►
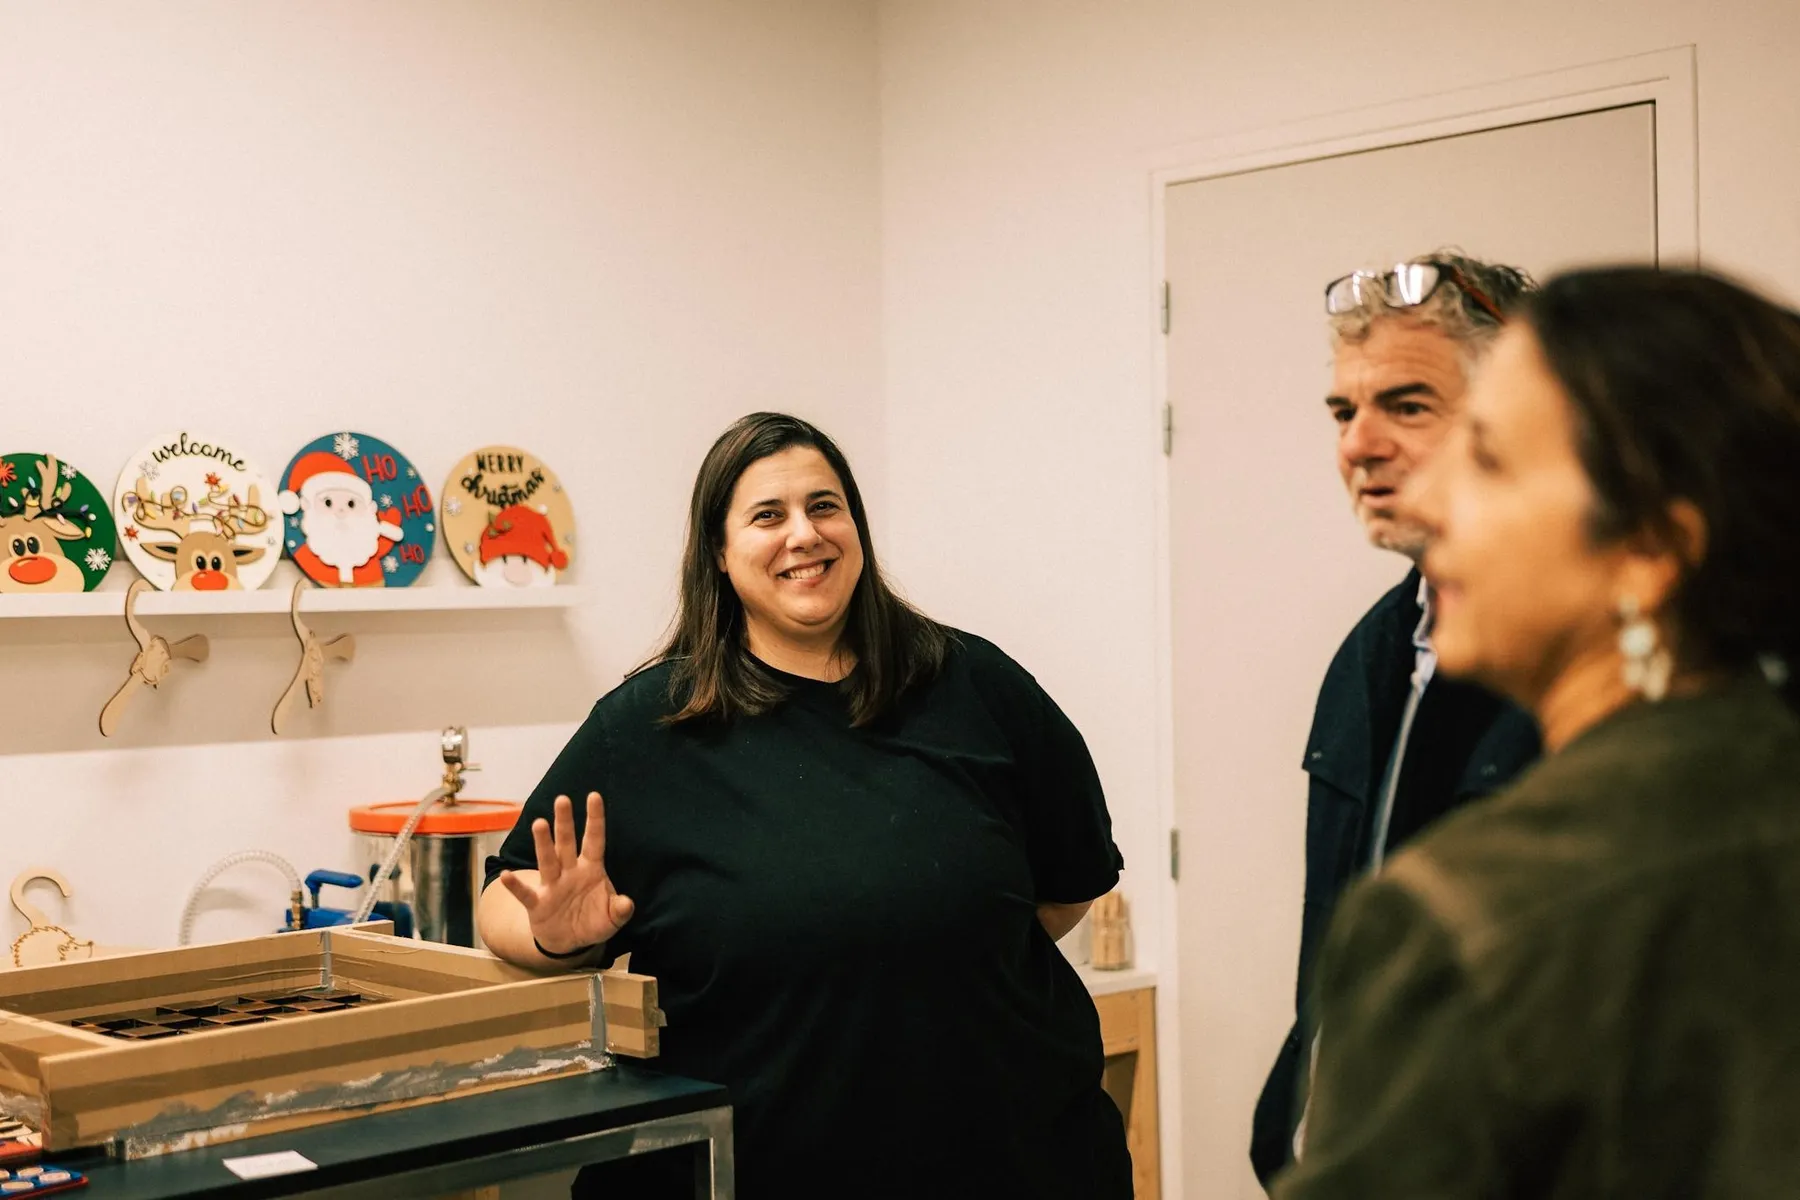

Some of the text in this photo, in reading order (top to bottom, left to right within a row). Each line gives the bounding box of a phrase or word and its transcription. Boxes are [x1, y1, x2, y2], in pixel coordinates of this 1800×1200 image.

[152, 432, 246, 472] welcome
[475, 453, 524, 473] MERRY
[361, 453, 397, 484] HO
[401, 484, 433, 518] HO
[399, 543, 425, 564] HO
◄
- Work required
Using the material above, return every line exactly as it appears, minus the pictures.

- Written response
Some of the text in this photo, in reading order (top to bottom, left to right within a row). Each line gives the bounding box of a phrase or word and its transcription. Boxes are [x1, y1, x2, y2], in pixel coordinates of this 1800×1200 image.

[152, 432, 246, 472] welcome
[475, 453, 524, 473] MERRY
[361, 453, 397, 484] HO
[401, 484, 433, 518] HO
[399, 543, 425, 564] HO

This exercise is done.